__What the exercise asks__.
Strip out all images, then restate the data verbatim.

:: Exercise materials ::

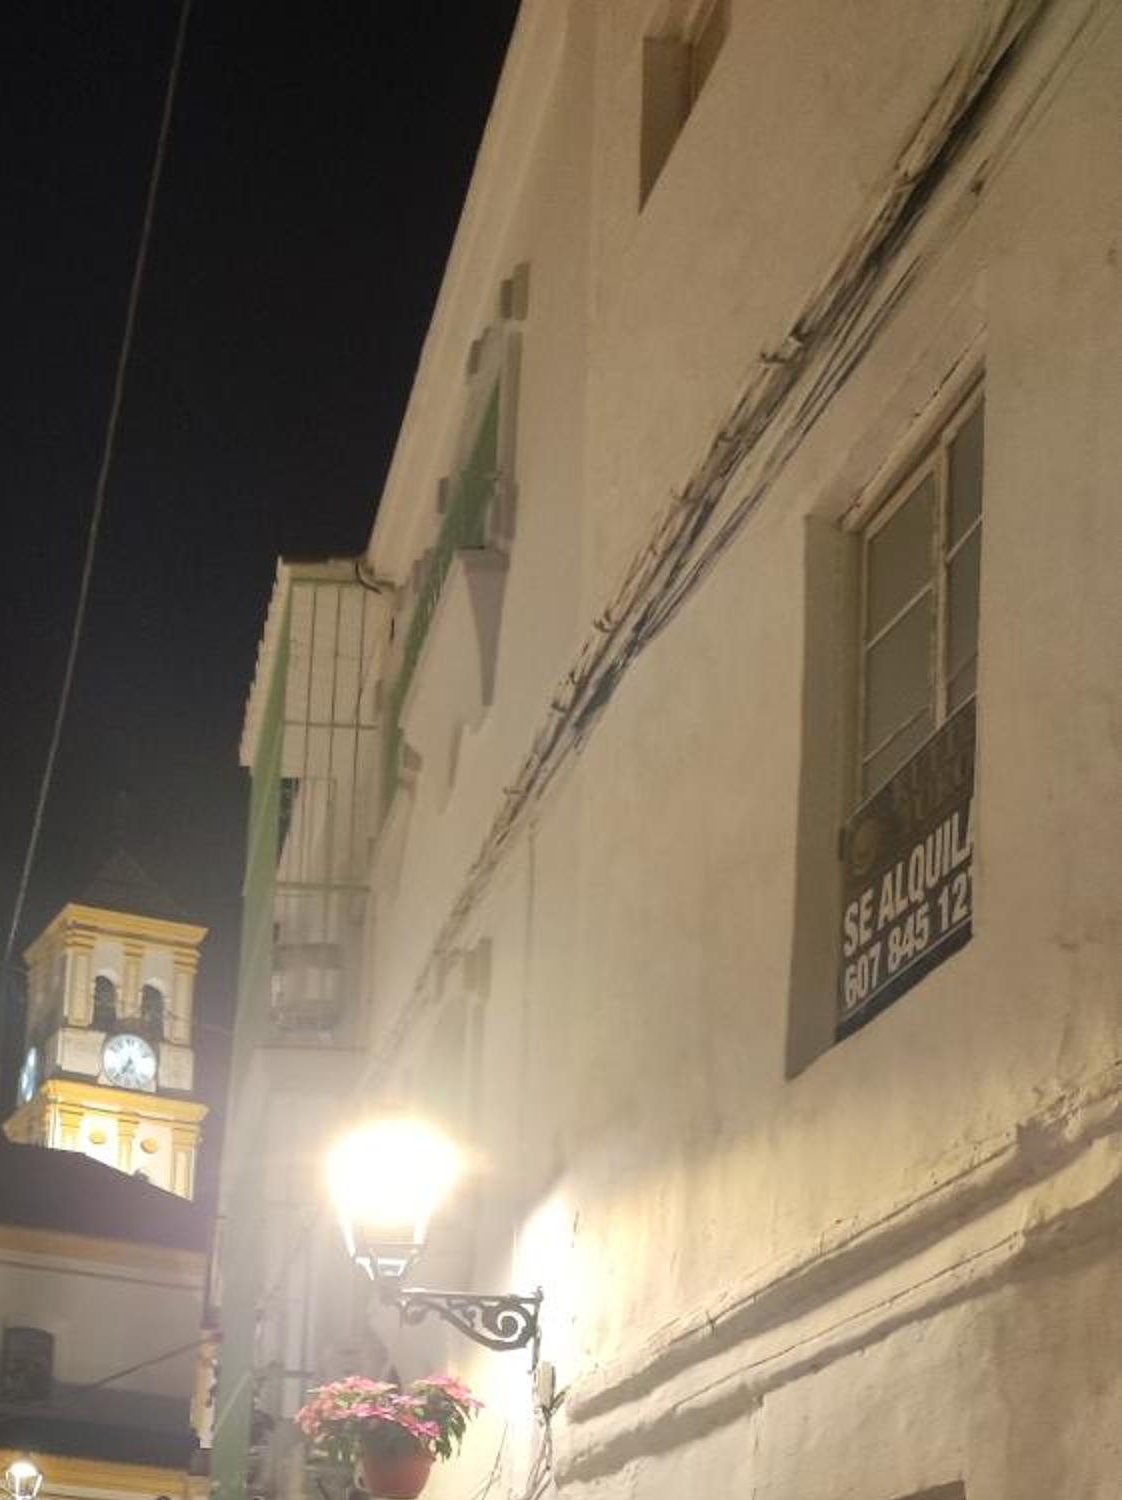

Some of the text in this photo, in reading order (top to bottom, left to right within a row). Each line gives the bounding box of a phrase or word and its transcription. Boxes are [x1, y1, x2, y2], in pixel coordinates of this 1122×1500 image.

[844, 888, 874, 957] SE
[845, 866, 973, 1009] 607 845 12
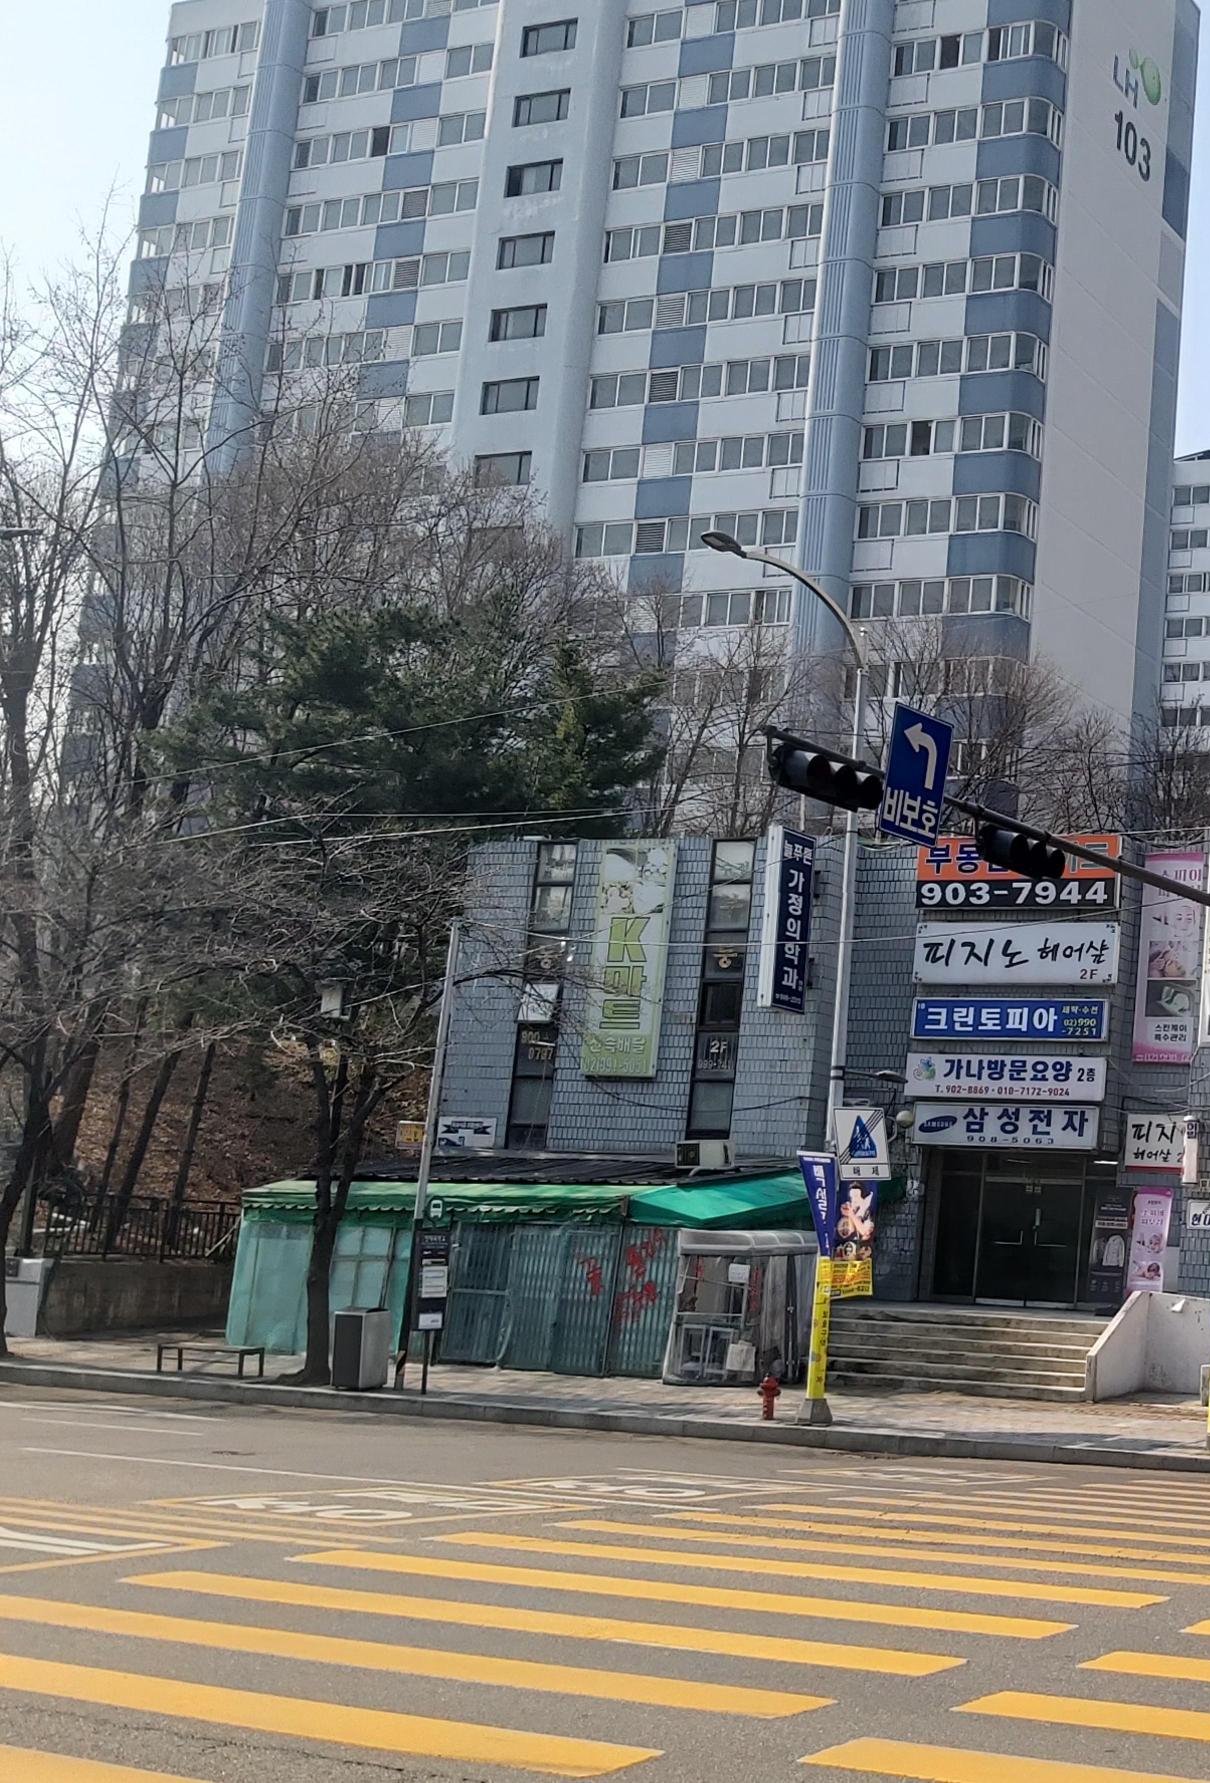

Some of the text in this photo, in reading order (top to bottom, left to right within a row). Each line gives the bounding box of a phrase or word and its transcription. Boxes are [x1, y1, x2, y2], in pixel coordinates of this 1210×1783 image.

[1113, 55, 1139, 109] LH
[1115, 110, 1151, 182] 103
[883, 787, 938, 838] 비보호
[920, 881, 1108, 906] 903-7944
[782, 869, 805, 990] 가정의학과
[923, 937, 1030, 968] 피지노
[599, 916, 651, 1030] K마트
[1079, 968, 1098, 980] 2F
[924, 1006, 1058, 1032] 크린토피아
[710, 1040, 728, 1052] 2F
[943, 1058, 1096, 1082] 가나방문요양 2층
[963, 1107, 1089, 1137] 삼성전자
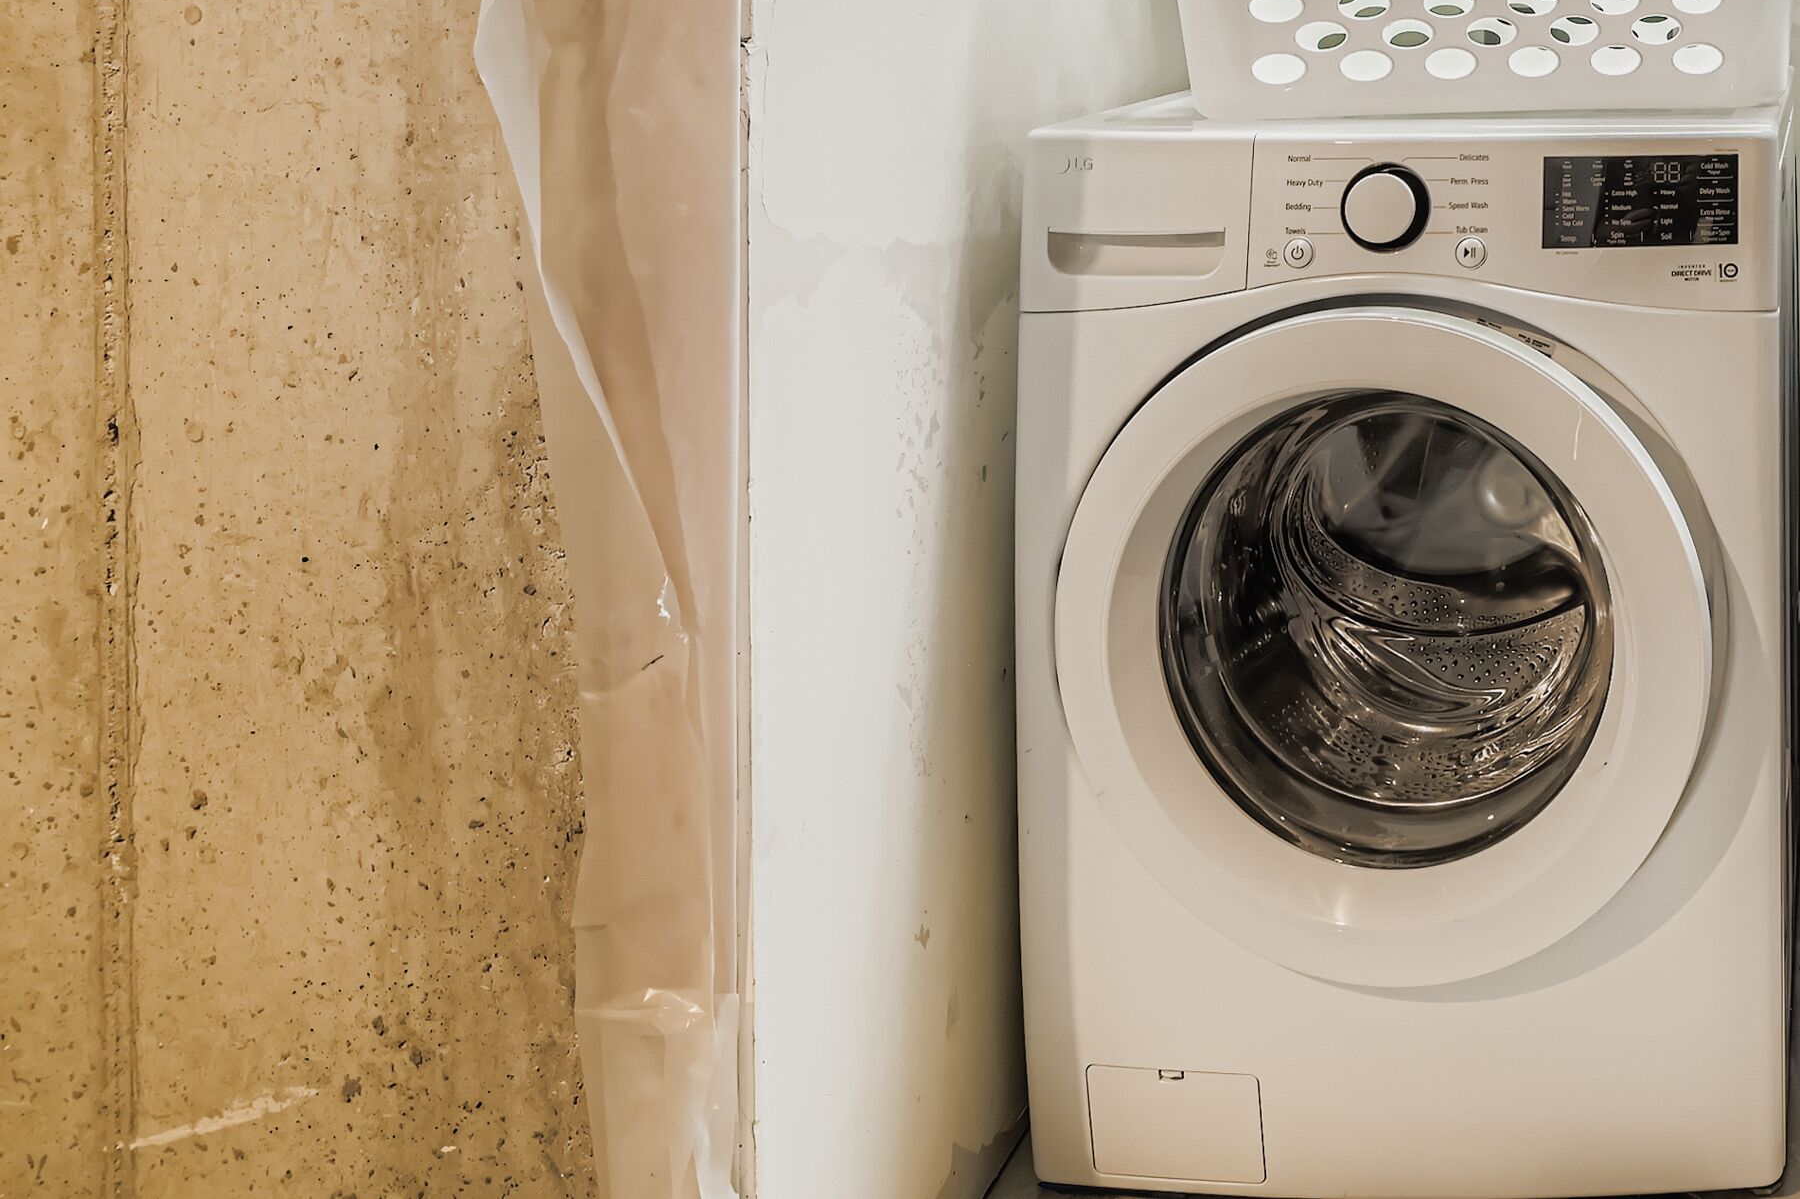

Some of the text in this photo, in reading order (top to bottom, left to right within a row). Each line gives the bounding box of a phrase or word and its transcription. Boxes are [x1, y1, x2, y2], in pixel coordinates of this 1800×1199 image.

[1459, 153, 1490, 161] Delicates
[1286, 179, 1323, 188] Heavy Duty
[1471, 178, 1489, 186] Press
[1699, 187, 1715, 196] Delay
[1285, 203, 1312, 212] Bedding
[1448, 202, 1469, 210] Speed
[1285, 227, 1306, 235] Towels
[1456, 226, 1488, 234] Tub Clean
[1610, 230, 1625, 240] Spin
[1660, 232, 1672, 240] Soil
[1719, 262, 1739, 279] 10
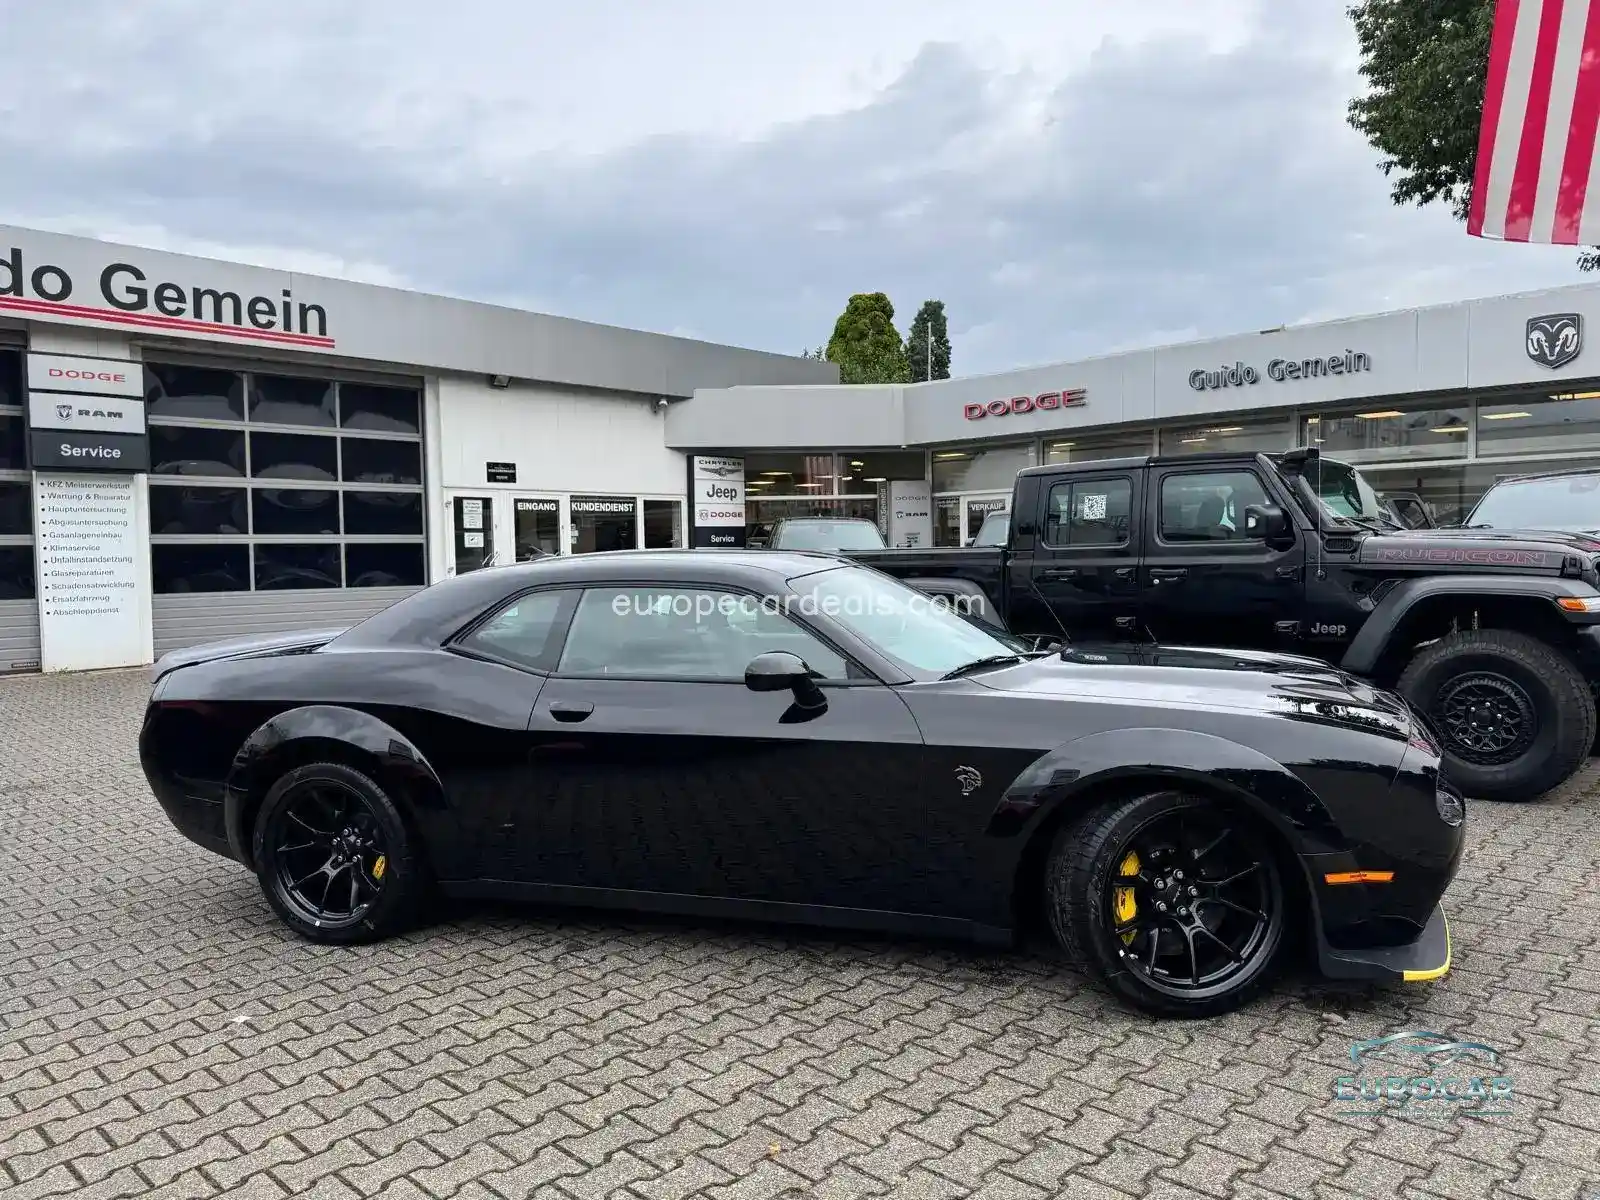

:::

__Output for this exercise__.
Some of the text in this photo, in reading order (top to bottom, left to right within a row). Each line gives the bounding box of a phrase or word and its transcription. Boxes are [x1, y1, x2, y2], in pixel coordinates of this 1122×1500 image.

[844, 888, 874, 957] SE
[845, 866, 973, 1009] 607 845 12

Some of the text in this photo, in reading order (top to bottom, left to right within a row). Each line gives the bounding box of a phrase or word and its transcription. Boxes are [x1, y1, x2, y2], in pixel coordinates of this 1210×1783 image.

[1113, 55, 1139, 109] LH
[1115, 110, 1151, 182] 103
[883, 787, 938, 838] 비보호
[920, 881, 1108, 906] 903-7944
[782, 869, 805, 990] 가정의학과
[923, 937, 1030, 968] 피지노
[599, 916, 651, 1030] K마트
[1079, 968, 1098, 980] 2F
[924, 1006, 1058, 1032] 크린토피아
[710, 1040, 728, 1052] 2F
[943, 1058, 1096, 1082] 가나방문요양 2층
[963, 1107, 1089, 1137] 삼성전자

Some of the text in this photo, in reading order (top to bottom, left to right within a row). Each line gives the bounding box of a phrase or word and its transcription. Boxes are [x1, y1, x2, y2], in pixel coordinates of this 1800×1199 image.

[1459, 153, 1490, 161] Delicates
[1286, 179, 1323, 188] Heavy Duty
[1471, 178, 1489, 186] Press
[1699, 187, 1715, 196] Delay
[1285, 203, 1312, 212] Bedding
[1448, 202, 1469, 210] Speed
[1285, 227, 1306, 235] Towels
[1456, 226, 1488, 234] Tub Clean
[1610, 230, 1625, 240] Spin
[1660, 232, 1672, 240] Soil
[1719, 262, 1739, 279] 10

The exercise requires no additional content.